The Greeks and the Romans played up this concept of water water springs. There were medicinal benefits tied to usage, and if you were of a better status in life.....you tended to use the springs more than the regular guy on the street.
When the Romans came north into Germany and did their element of conquering around 12 BC. Control by the Romans over the Wiesbaden area? There's some discussion over the date....but most side that around 120 AD....the Romans had some type of control over the local region. What most will say is that the warm springs of the local area drew the Romans, and it was the magnet for regional development of the baths.
All of this came to some evolution of sorts when the regional tribes did a partnership with the Romans....to help them eliminate any threat...coming around the year 370. For around 120 years....this partnership survived, and was eventually defeated by the Franks.
You can eliminate Roman control over the spa business in 496, and with the Franks....came the curious episode of making Wiesbaden a capital city of the Franks.
For the next thousand years....the Catholic church plays some part in role of Wiesbaden, and it's spa business.
Around the early 1800s....there's stability....and medicinal advice being given by 'experts' over the benefits of warm water bathing. There's minor tourist industry developing.
By the 1850s....between the spa operations, the casino, and the grand hotels....Wiesbaden became a thriving spa resort.
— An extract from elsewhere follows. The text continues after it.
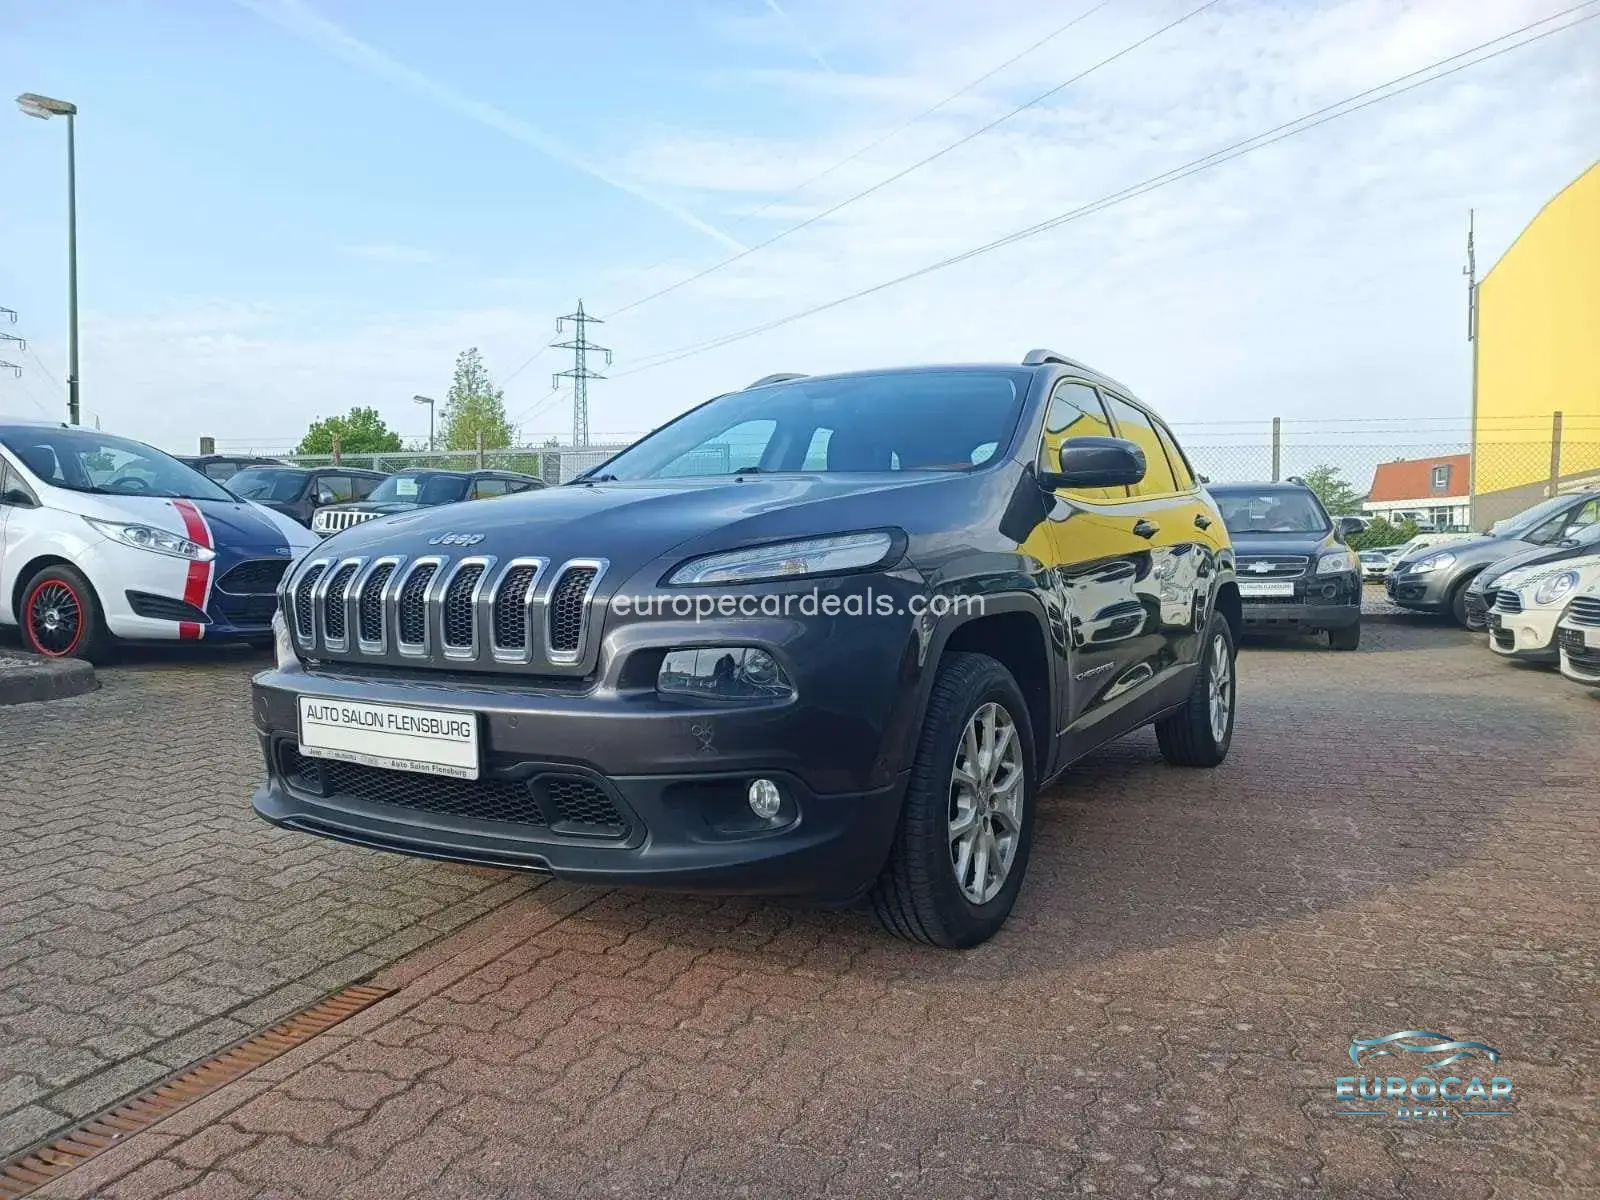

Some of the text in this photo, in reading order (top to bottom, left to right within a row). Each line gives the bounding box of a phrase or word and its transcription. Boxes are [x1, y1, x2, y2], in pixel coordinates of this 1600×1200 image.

If you were a major hotel in town.....you had bathing rooms for the guests to reserve. The average room was around 15 feet by 30 feet, with a fairly good sized tub in the back of the room. A window was typically in each room, with nicer grades of tile on the floor. The local geothermal waters were pumped in, and a guy would sit for approximately forty-five minutes (one hour periods were the norm, but the bath lady always had to clean it and prepare for the next guest). So you paid for the water treatment, and did that several times in a week as your "kur".
You would have the bathing room set for you as you enter....the bathing lady would leave. You'd undress and lay in a tub with greatly heated water. Maybe later....you'd swim in a local pool, and talk London or Paris gossip with the guys in the sauna. That night, you'd sit around the Casino....gamble a little, and talk politics. Maybe on a warm afternoon.....you'd have some ice cream or cold beer to replenish your liquids. You relaxed.....you talked business.....you took a holiday from life.
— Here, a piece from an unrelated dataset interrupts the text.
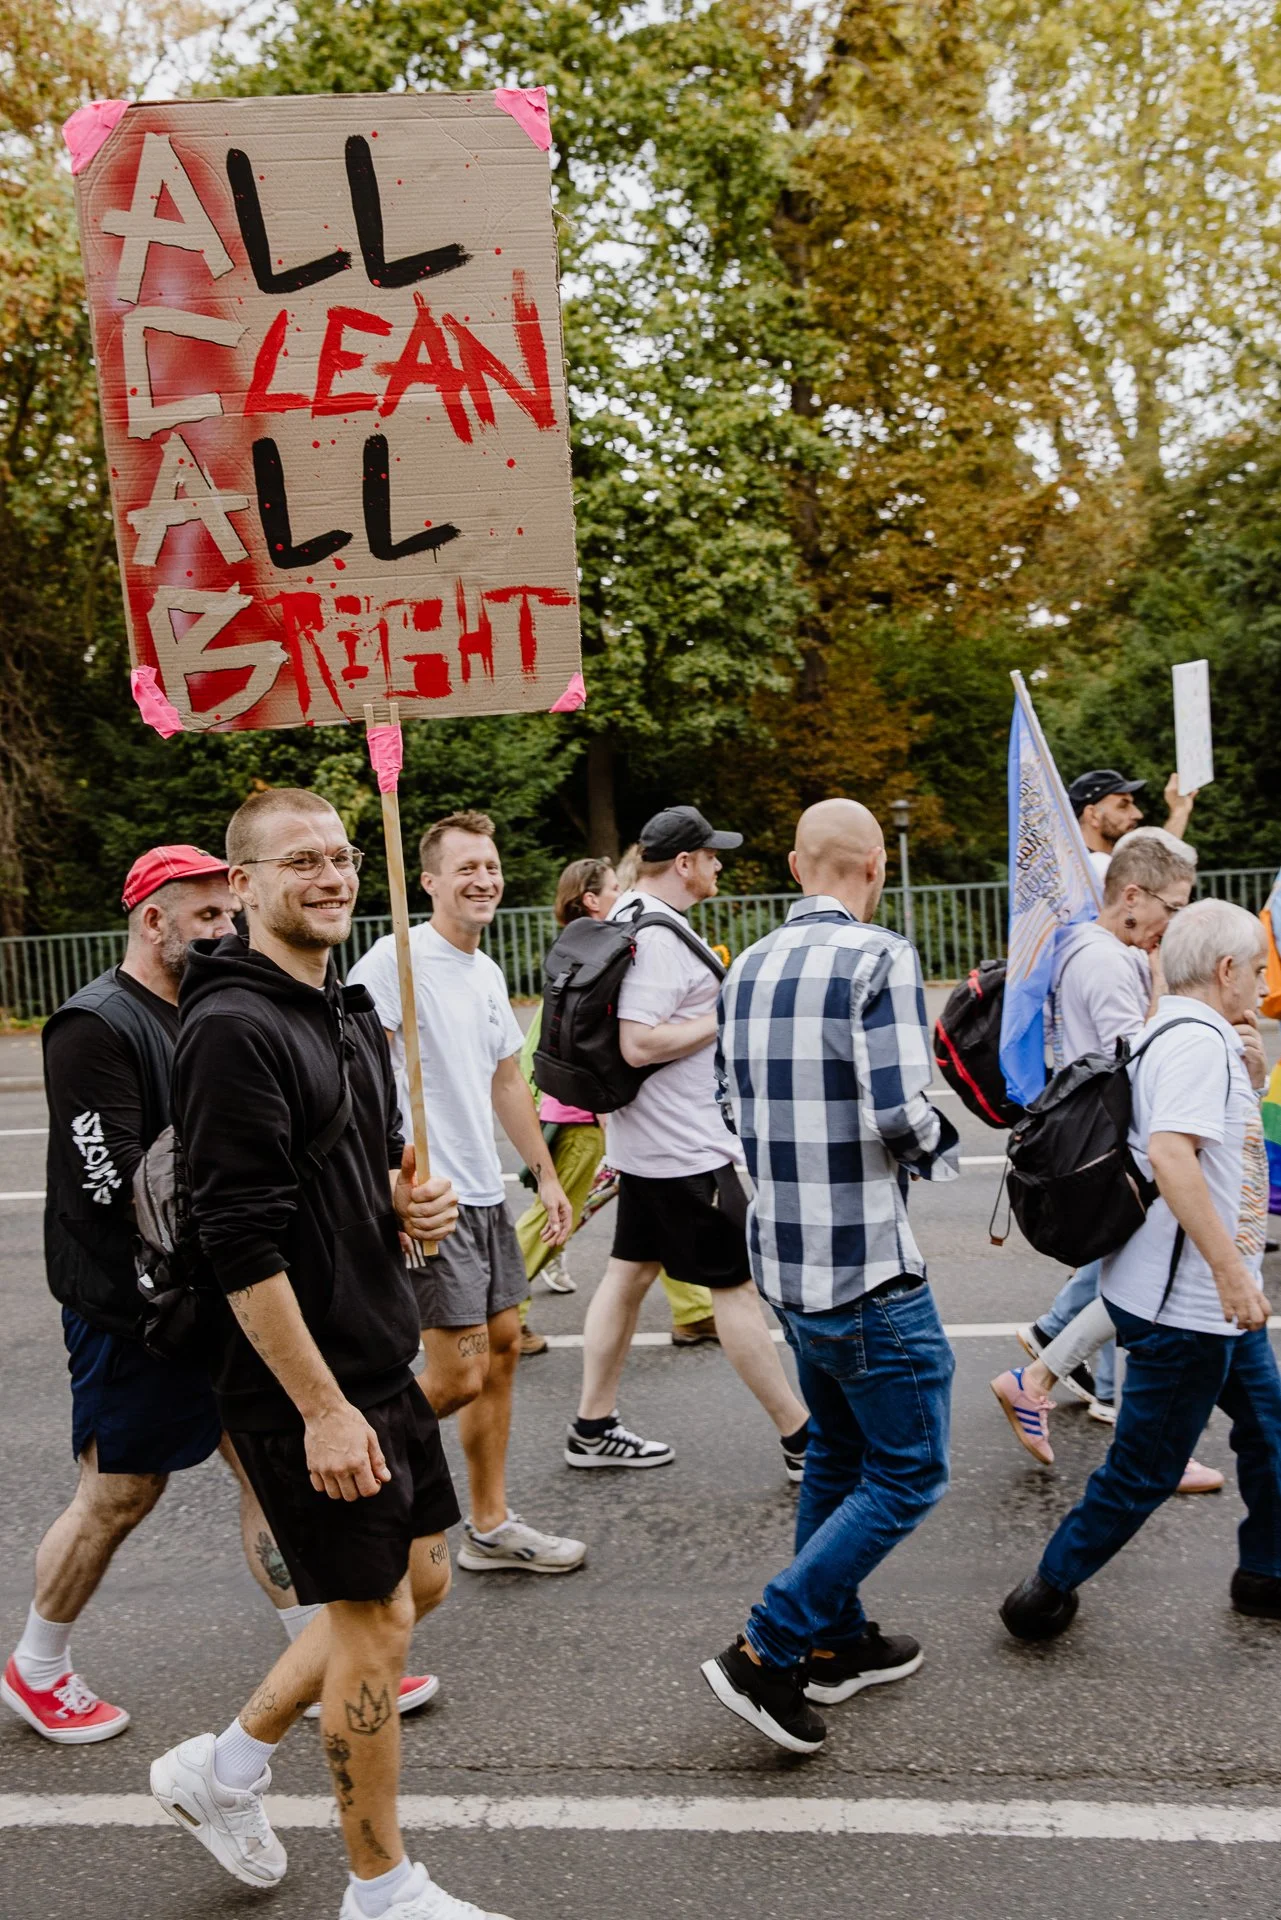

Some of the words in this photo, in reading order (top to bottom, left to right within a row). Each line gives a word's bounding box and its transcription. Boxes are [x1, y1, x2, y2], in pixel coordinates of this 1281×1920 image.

[101, 131, 474, 305] ALL
[122, 269, 558, 444] CLEAN
[126, 432, 462, 570] ALL
The Hotel Zais and the Hotel of the Four Seasons....ran combined bath house deal with forty-four bathing rooms (they were opposite of the casino).
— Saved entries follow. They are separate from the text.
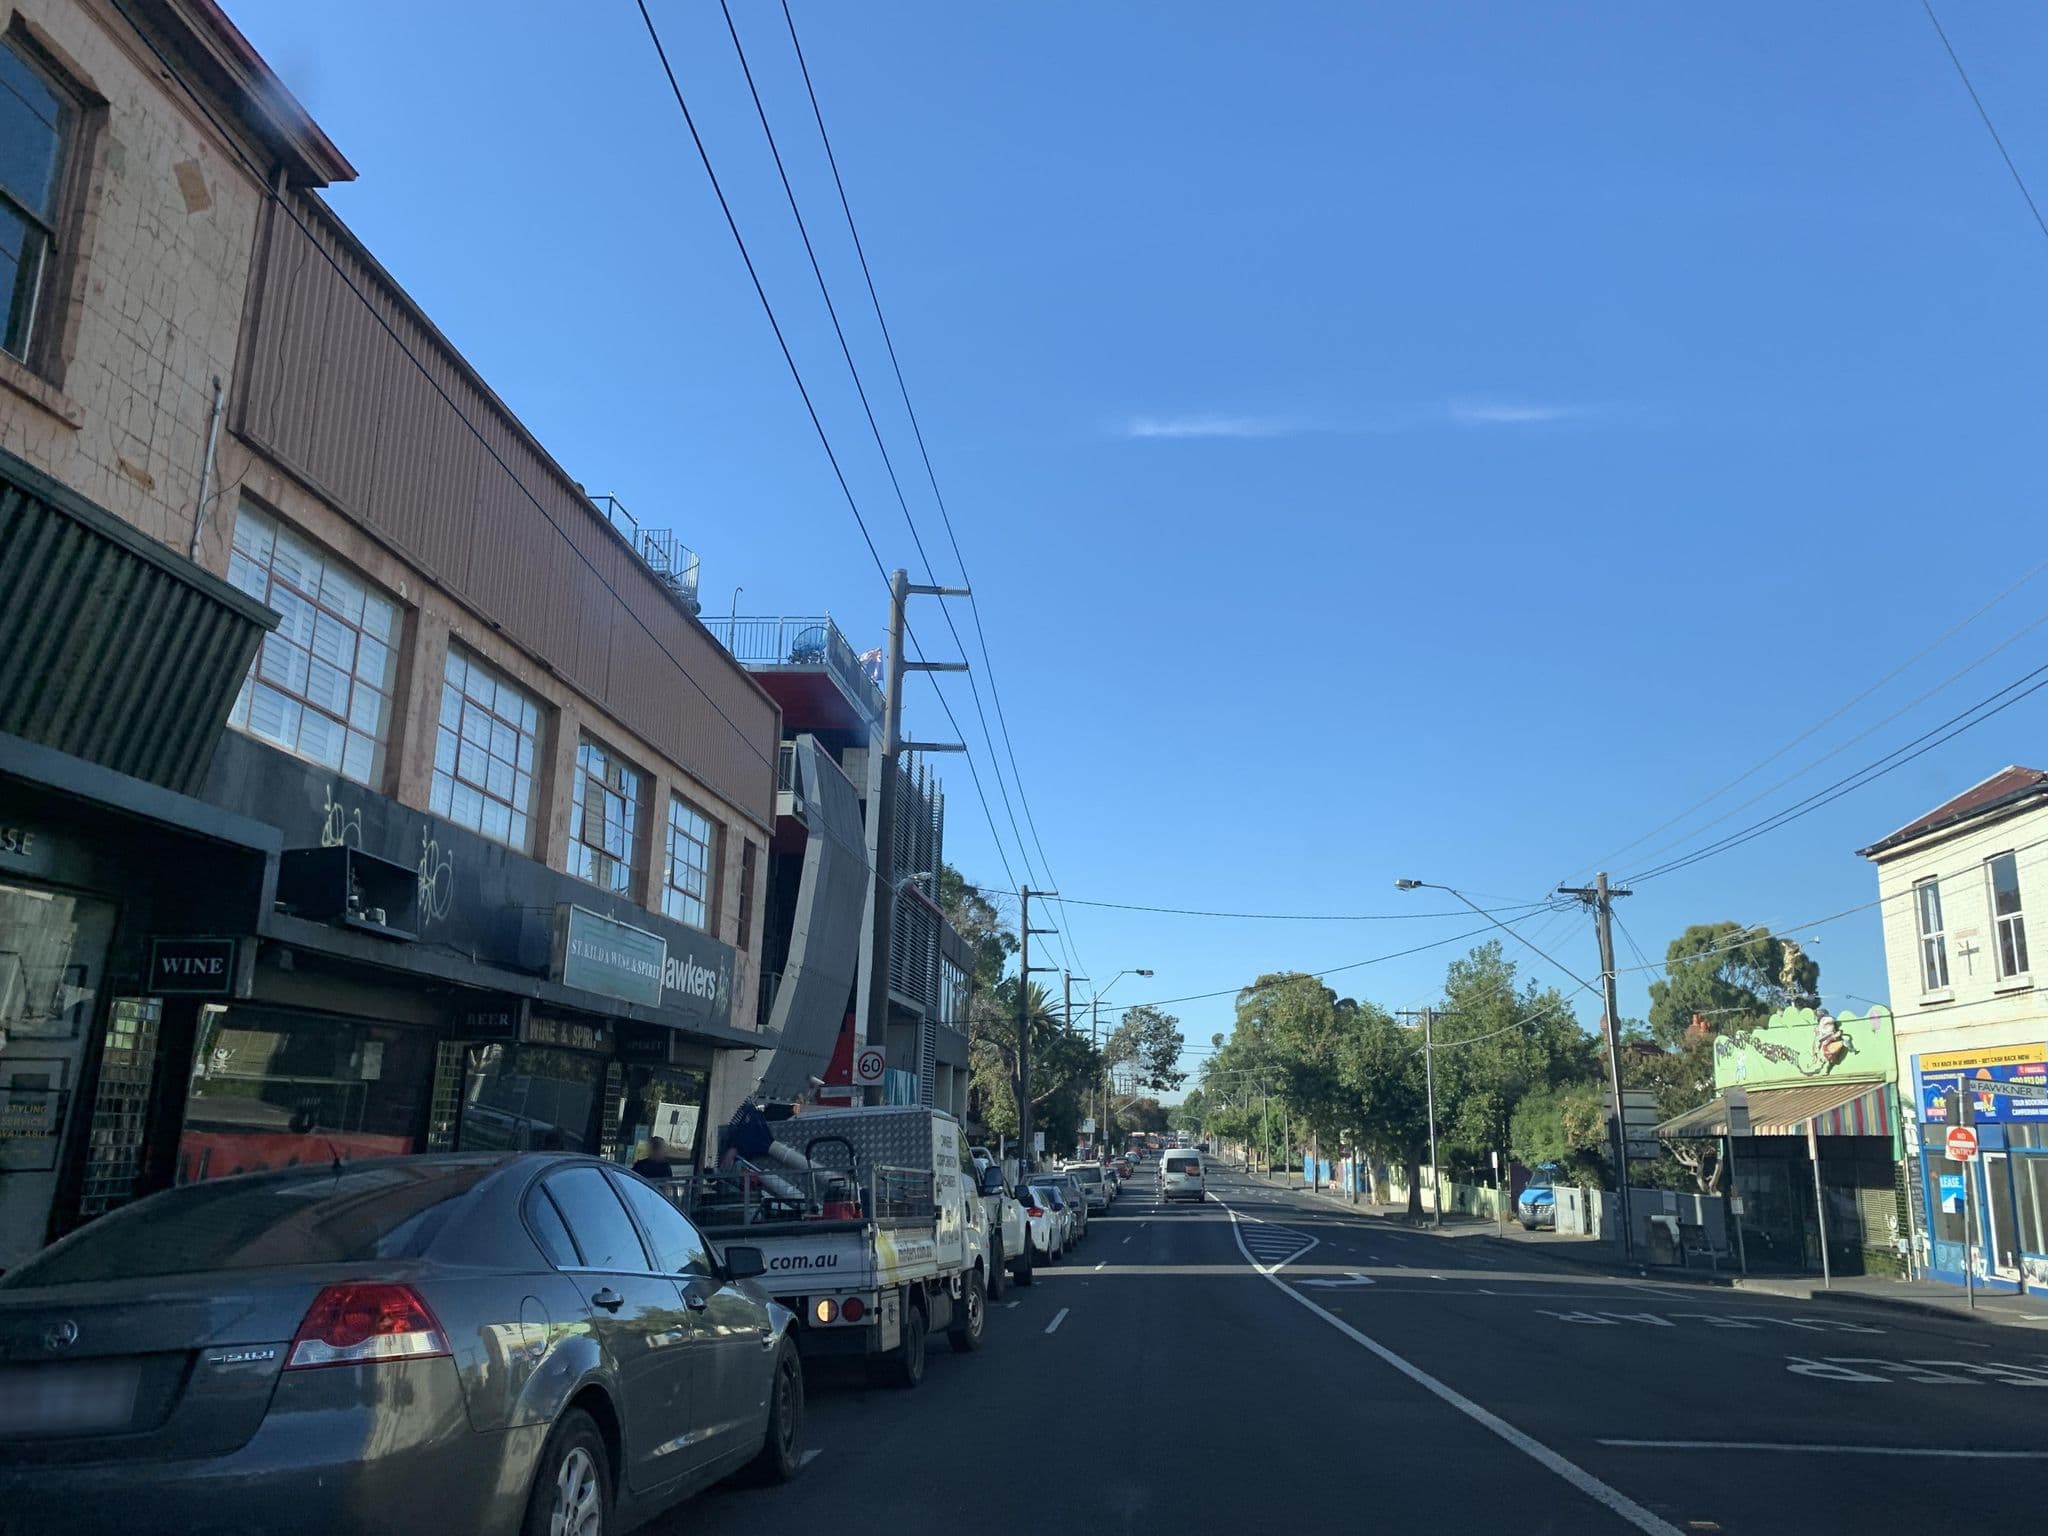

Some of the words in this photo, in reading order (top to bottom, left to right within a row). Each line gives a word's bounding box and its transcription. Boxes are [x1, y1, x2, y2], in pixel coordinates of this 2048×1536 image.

[0, 826, 35, 856] SE
[162, 956, 224, 975] WINE
[637, 960, 661, 980] SPIRIT
[466, 1013, 510, 1026] BEER
[529, 1016, 556, 1043] WINE
[862, 1058, 881, 1073] 60
[1977, 1082, 2034, 1097] FAWKNER
[1956, 1132, 1967, 1140] NO
[770, 1254, 838, 1270] com.au
The Eagle Hotel had around seventy-five bathing rooms.
The Nassauer Hof had thirty-six bathing rooms.
The Rose Hotel ran fifty-one bathing rooms.
After those five hotels.....there were structures simply for bathing and had nothing to do with the resort hotel operations. All total? Around twenty-three business fronts operating as spa centers, with around five hundred bathing rooms.
Between the upper-class hotels, the four-star establishments, and the slightly lesser hotels.....the entire town was bustling on bathing water "sales".
What came out of this period was periodic journals or magazines....in Germany, France, Italy, Switzerland, Austria, the US, England, and Russia.....about the robust health aspects of laying in warming waters, with the right content of natural elements. Doctor "so-v-so" would talk up the magical numbers of potash, sulphur, and Silicic Acid. All of these cured body ailments, muscle pains, and restored youth.
Added to the list of bathing cures......Wiesbaden had an ample number of doctors in the area which treated your special problems (cysts, blood circulation in your legs, back pain, and graying hair). You pick it.....they were willing to help fix your problem....for a price.
All of this was a resort magnet, and naturally brought the rich and wealthy from across Europe to Wiesbaden....almost yearly. A guy would pack up his wife in London....take a ship over, and travel by boat or train down to Frankfurt.....then over to Wiesbaden by the Taunus Railway. If you could afford the upper-scale hotels, great. If you needed less.....there were ample accommodations in town to handle just about every category of spender.
In a sense....for roughly seventy-odd years.....it was a status symbol to say you were a banker out of London, and spent three weeks in Wiesbaden every summer for your health issues and stress. Maybe between the walks in the city park....the fine food and wine.....the bathing waters....and just the quiet nature of the city.....you got better. Or at least you believed that.
In the summer of 1914.....that resort spa status ended. Except for Germans.....for the next forty-odd years....no one came back. By the 1960s.....Wiesbaden had some resort tourism going on, but the health spa status? It's mostly gone.
Without WW I/WW II.....Wiesbaden becomes an interesting topic of discussion. The resort status would have grown. The population of the city would likely be double what it is today (281,000). And the city would be consumed over health, bathing, fine foods, and eliminating stress in every conceivable way.